Reputation: 81
I am creating a screenshot generator using puppeteer and node js. It works fine for normal web pages, but for pdf pages it always gives the same error everytime I run it
Here's the code(first example from https://github.com/GoogleChrome/puppeteer)
const puppeteer = require('puppeteer');
(async () => {
try {
const browser = await puppeteer.launch();
const page = await browser.newPage();
await page.goto('https://www.w3.org/WAI/ER/tests/xhtml/testfiles/resources/pdf/dummy.pdf');
await page.screenshot({ path: 'example.png' });
await browser.close();
} catch (err) {
console.log(err);
}
})();
The error that I get
Error: net::ERR_ABORTED at https://www.w3.org/WAI/ER/tests/xhtml/testfiles/resources/pdf/dummy.pdf
at navigate (C:\MEAN\puppeteer-demo\node_modules\puppeteer\lib\FrameManager.js:121:37)
at process._tickCallback (internal/process/next_tick.js:68:7)
-- ASYNC --
at Frame.<anonymous> (C:\MEAN\puppeteer-demo\node_modules\puppeteer\lib\helper.js:110:27)
at Page.goto (C:\MEAN\puppeteer-demo\node_modules\puppeteer\lib\Page.js:629:49)
at Page.<anonymous> (C:\MEAN\puppeteer-demo\node_modules\puppeteer\lib\helper.js:111:23)
at C:\MEAN\puppeteer-demo\index.js:7:20
at process._tickCallback (internal/process/next_tick.js:68:7)
Any help is appreciated. I'm also open to any other possible solutions.
Upvotes: 8
Views: 6665
Reputation: 1045
As @kalana-perera mentioned, @aaditya-chakravarty's solution was low resolution and stretched.
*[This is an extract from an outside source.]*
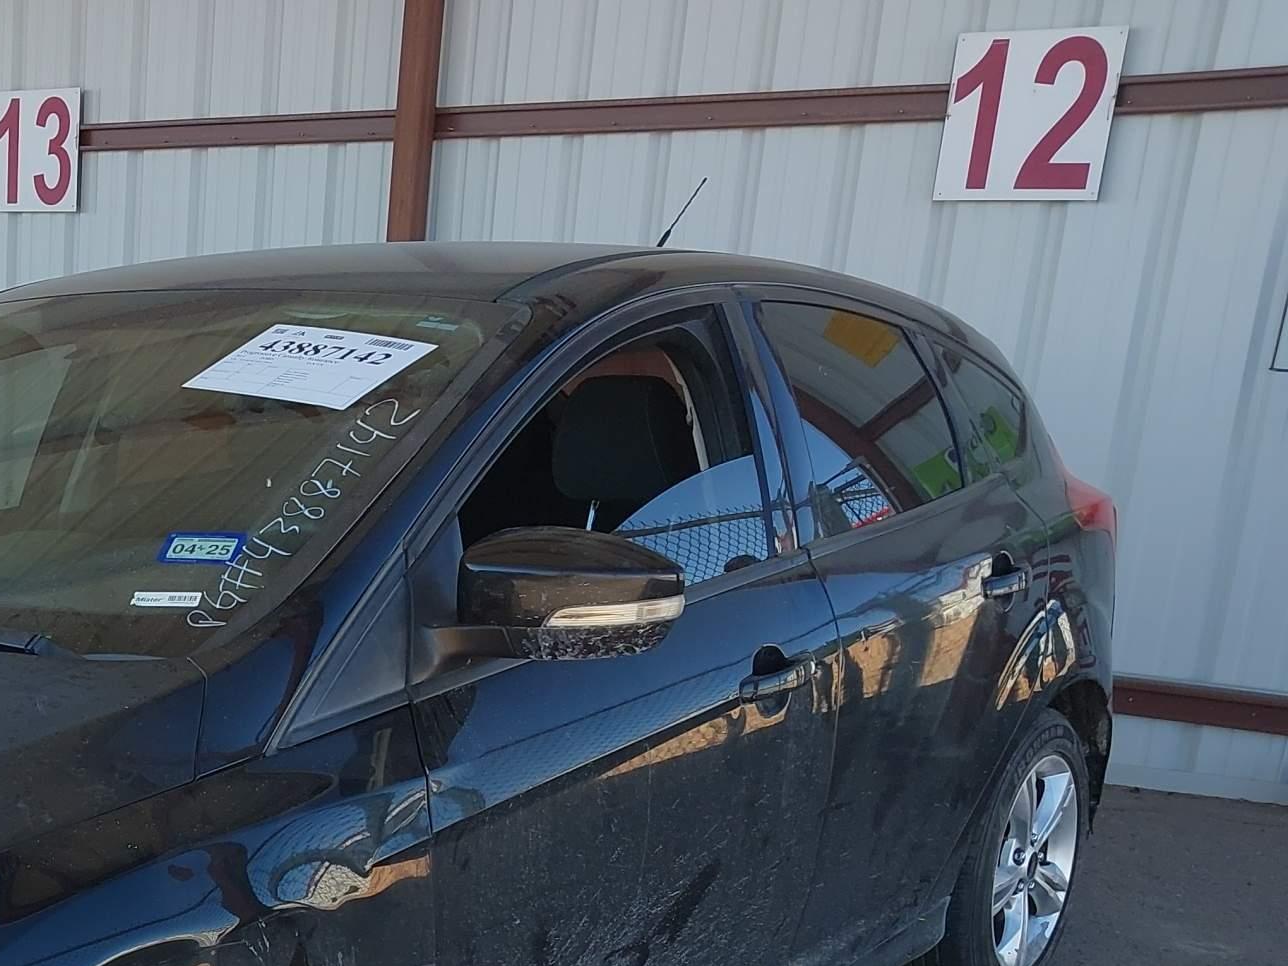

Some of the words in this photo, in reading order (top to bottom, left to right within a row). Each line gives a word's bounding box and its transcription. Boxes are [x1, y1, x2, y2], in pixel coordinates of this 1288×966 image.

Made some modifications to output a full, undistorted image of the PDF's first page.
Using typescript with the latest version of PDF.js.
async function generatePdfPreview(pdfUrl: string) {
const browser = await puppeteer.launch({
headless: "new",
defaultViewport: null,
args: [
"--no-sandbox",
"--disable-setuid-sandbox",
"--disable-web-security",
"--disable-features=IsolateOrigins",
"--disable-site-isolation-trials",
],
});
const page = await browser.newPage();
await page.setContent(
previewCreatorPage(pdfUrl)
);
await page.waitForSelector("#renderingComplete");
await page.waitForNetworkIdle();
const pdfPage = await page.$("#page");
const screenshot = pdfPage!.screenshot({
type: "png",
omitBackground: true,
});
return screenshot;
}
function previewCreatorPage(url: string) {
return `<html lang="en">
<head>
<meta charset="UTF-8">
<meta http-equiv="X-UA-Compatible" content="IE=edge">
<meta name="viewport" content="width=device-width, initial-scale=1.0">
<style>
body {
width: 100vw;
height: 100vh;
margin: 0px;
}
#page {
display: flex;
width: 100%;
}
</style>
<title>Document</title>
</head>
<body>
<canvas id="page"></canvas>
<script src="https://mozilla.github.io/pdf.js/build/pdf.js"></script>
<script>
var pdfjsLib = window['pdfjs-dist/build/pdf'];
(async () => {
const pdf = await pdfjsLib.getDocument('${url}').promise;
const page = await pdf.getPage(1);
const viewport = page.getViewport({ scale: 1 });
const canvas = document.getElementById('page');
const context = canvas.getContext('2d');
canvas.height = viewport.height;
canvas.width = viewport.width;
const renderContext = {
canvasContext: context,
viewport: viewport
};
await page.render(renderContext).promise;
const completeElement = document.createElement("span");
completeElement.id = 'renderingComplete';
document.body.append(completeElement);
})();
</script>
</body>
`;
}
defaultViewport: null
will allow larger images than 800x600.width: 100%
and removed height: 100%
#page
) in the page instead of the whole thing.Edit:
Upvotes: 3
Reputation: 123
For anyone stumbling on this question now, I did it by using a combination of Puppeteer, EJS and PDF.js since puppeteer by itself does not view PDF files.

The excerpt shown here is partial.